● EXERCISE BRIEF
Leave out all images and set down the records exactly as given.

● INFORMATION SUPPLIED
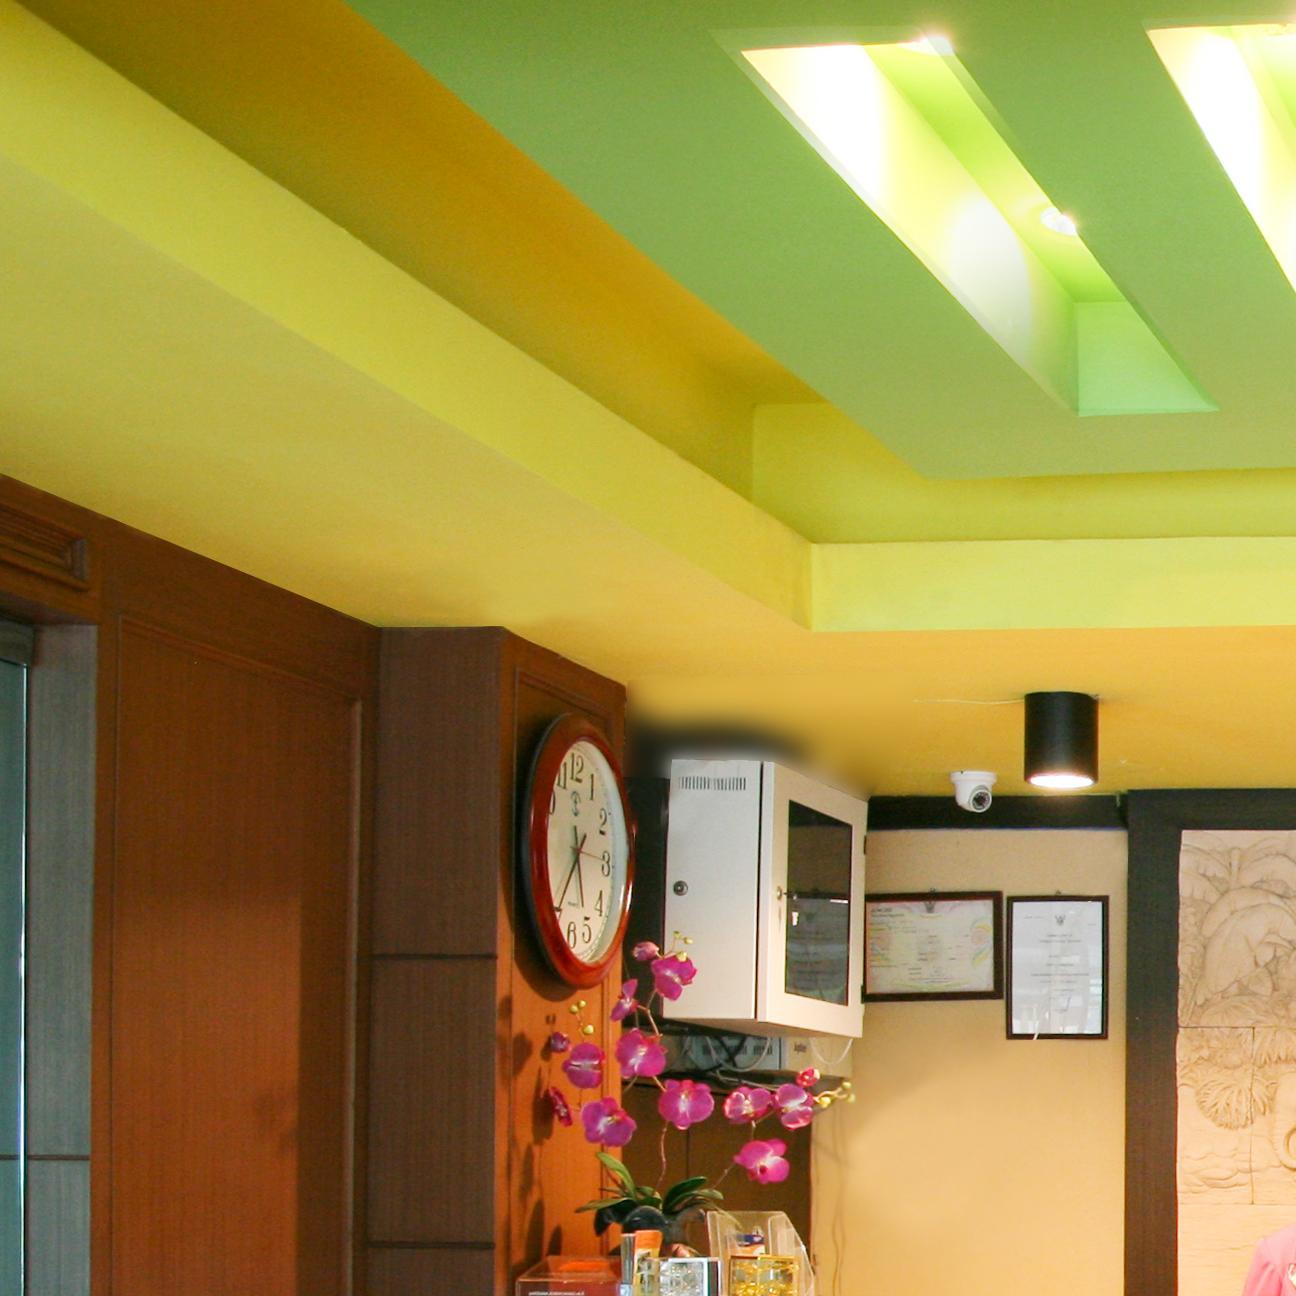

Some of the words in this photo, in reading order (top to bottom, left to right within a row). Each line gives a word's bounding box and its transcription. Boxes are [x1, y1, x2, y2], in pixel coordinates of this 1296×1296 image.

[570, 752, 584, 783] 12
[589, 773, 595, 801] 1
[599, 808, 608, 836] 2
[601, 851, 611, 877] 3
[594, 890, 603, 917] 4
[567, 921, 577, 948] 6
[582, 916, 592, 943] 5
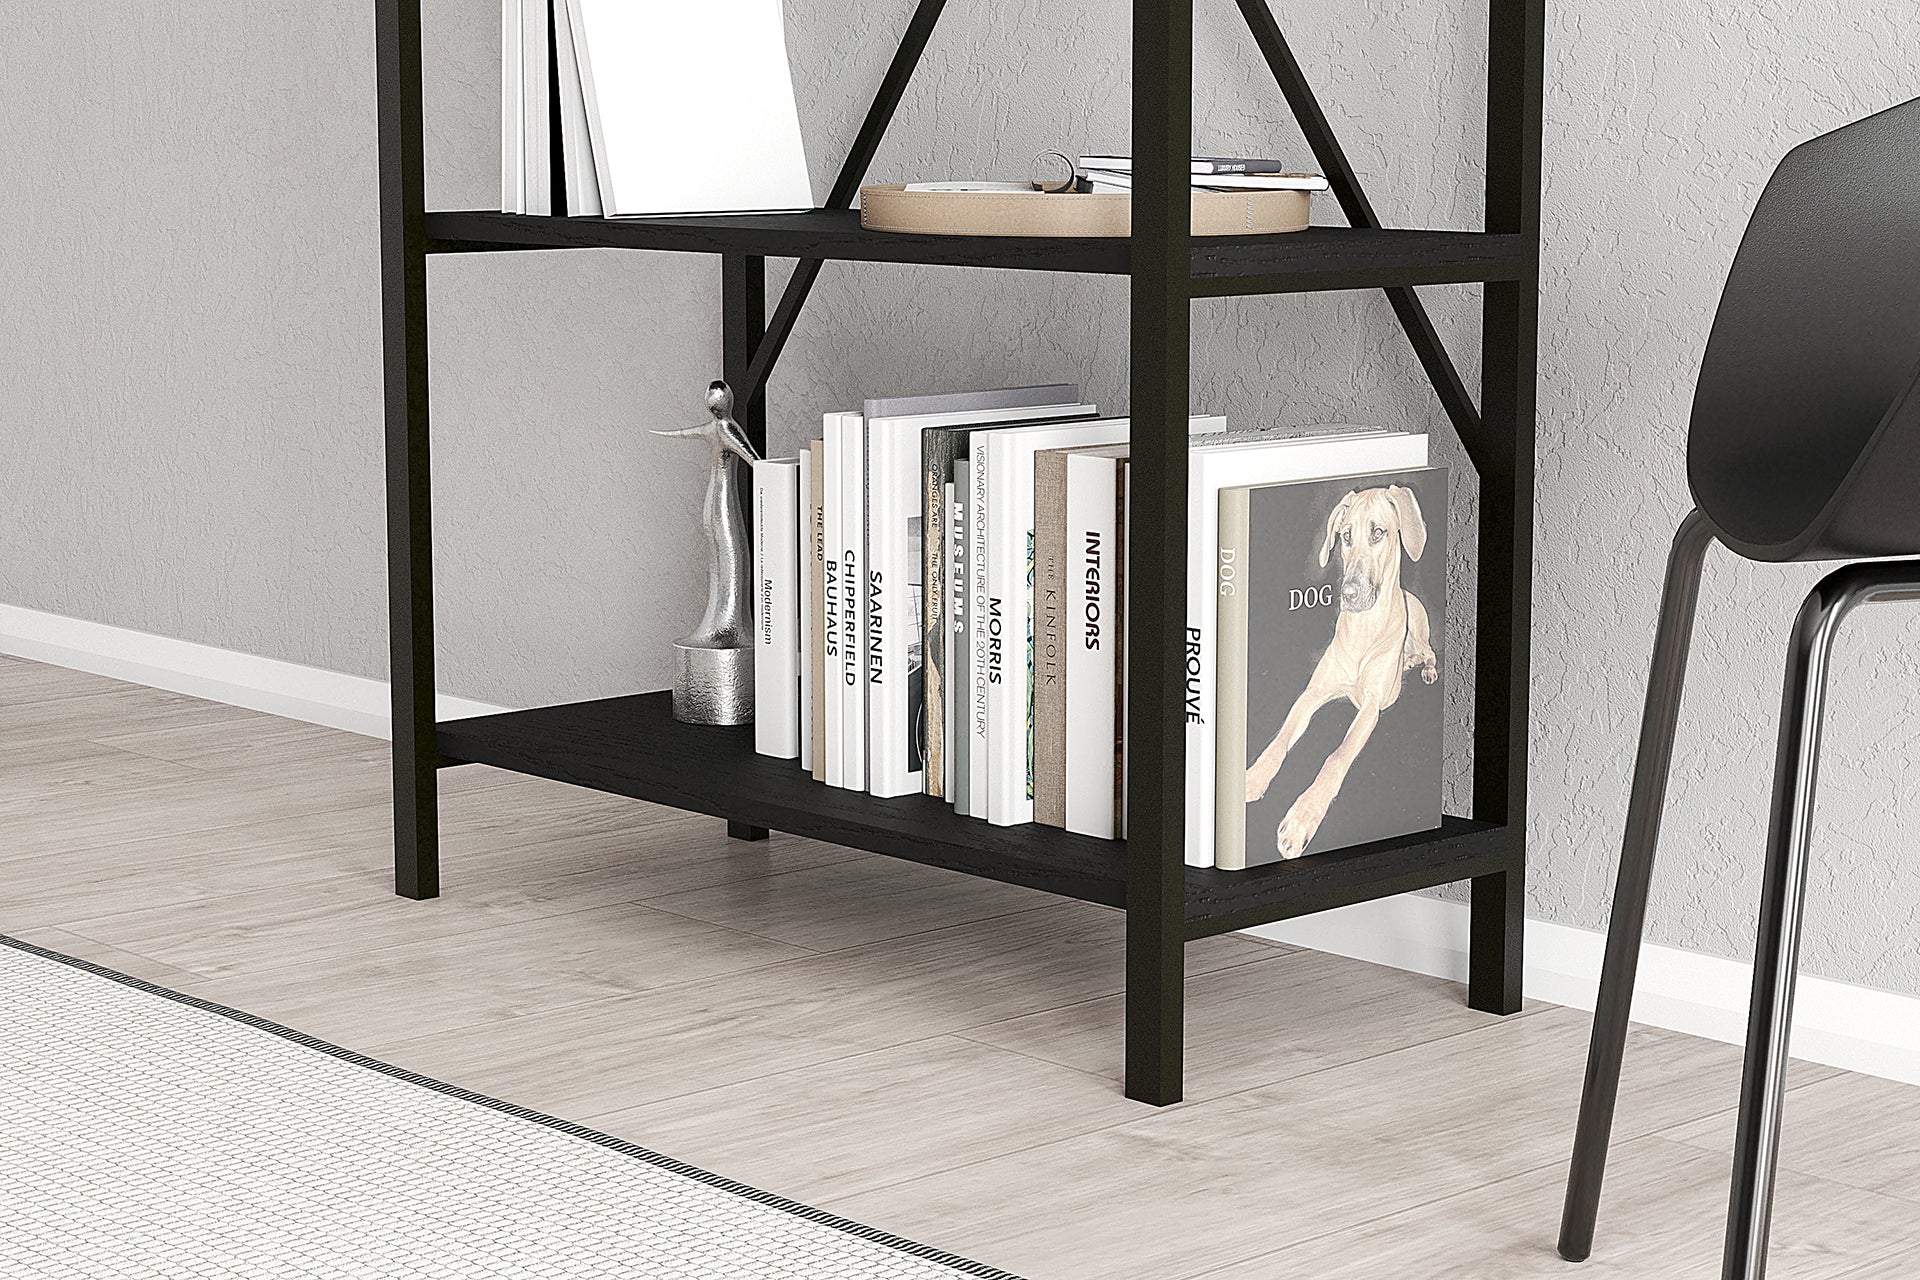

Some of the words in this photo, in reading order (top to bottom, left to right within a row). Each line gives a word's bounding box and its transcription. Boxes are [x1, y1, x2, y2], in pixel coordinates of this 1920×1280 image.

[931, 463, 939, 508] ORANGES
[976, 445, 985, 503] VISIONARY
[931, 553, 939, 568] THE
[953, 503, 964, 634] MUSEUMS
[976, 504, 986, 593] ARCHITECTURE
[1047, 555, 1055, 581] THE
[1219, 546, 1235, 597] DOG
[764, 579, 773, 645] Modernism
[826, 559, 838, 657] BAUHAUS
[931, 570, 939, 595] ONLY
[931, 597, 939, 622] FRUIT
[976, 595, 986, 613] OF
[1085, 530, 1101, 652] INTERIORS
[1288, 584, 1333, 611] DOG
[844, 549, 856, 686] CHIPPERFIELD
[869, 570, 883, 685] SAARINEN
[976, 614, 986, 638] THE
[988, 597, 1002, 685] MORRIS
[1045, 589, 1057, 686] KINFOLK
[976, 640, 986, 675] 20TH
[1185, 626, 1205, 726] PROUVÉ
[976, 677, 987, 739] CENTURY

● TASK OUTPUT
Some of the words in this photo, in reading order (top to bottom, left to right within a row). Each line gives a word's bounding box and its transcription. Boxes are [x1, y1, x2, y2], in pixel coordinates of this 1296×1296 image.

[570, 752, 584, 783] 12
[589, 773, 595, 801] 1
[599, 808, 608, 836] 2
[601, 851, 611, 877] 3
[594, 890, 603, 917] 4
[567, 921, 577, 948] 6
[582, 916, 592, 943] 5

Some of the words in this photo, in reading order (top to bottom, left to right within a row). Each line gives a word's bounding box and its transcription. Boxes are [x1, y1, x2, y2], in pixel coordinates of this 1920×1280 image.

[931, 463, 939, 508] ORANGES
[976, 445, 985, 503] VISIONARY
[931, 553, 939, 568] THE
[953, 503, 964, 634] MUSEUMS
[976, 504, 986, 593] ARCHITECTURE
[1047, 555, 1055, 581] THE
[1219, 546, 1235, 597] DOG
[764, 579, 773, 645] Modernism
[826, 559, 838, 657] BAUHAUS
[931, 570, 939, 595] ONLY
[931, 597, 939, 622] FRUIT
[976, 595, 986, 613] OF
[1085, 530, 1101, 652] INTERIORS
[1288, 584, 1333, 611] DOG
[844, 549, 856, 686] CHIPPERFIELD
[869, 570, 883, 685] SAARINEN
[976, 614, 986, 638] THE
[988, 597, 1002, 685] MORRIS
[1045, 589, 1057, 686] KINFOLK
[976, 640, 986, 675] 20TH
[1185, 626, 1205, 726] PROUVÉ
[976, 677, 987, 739] CENTURY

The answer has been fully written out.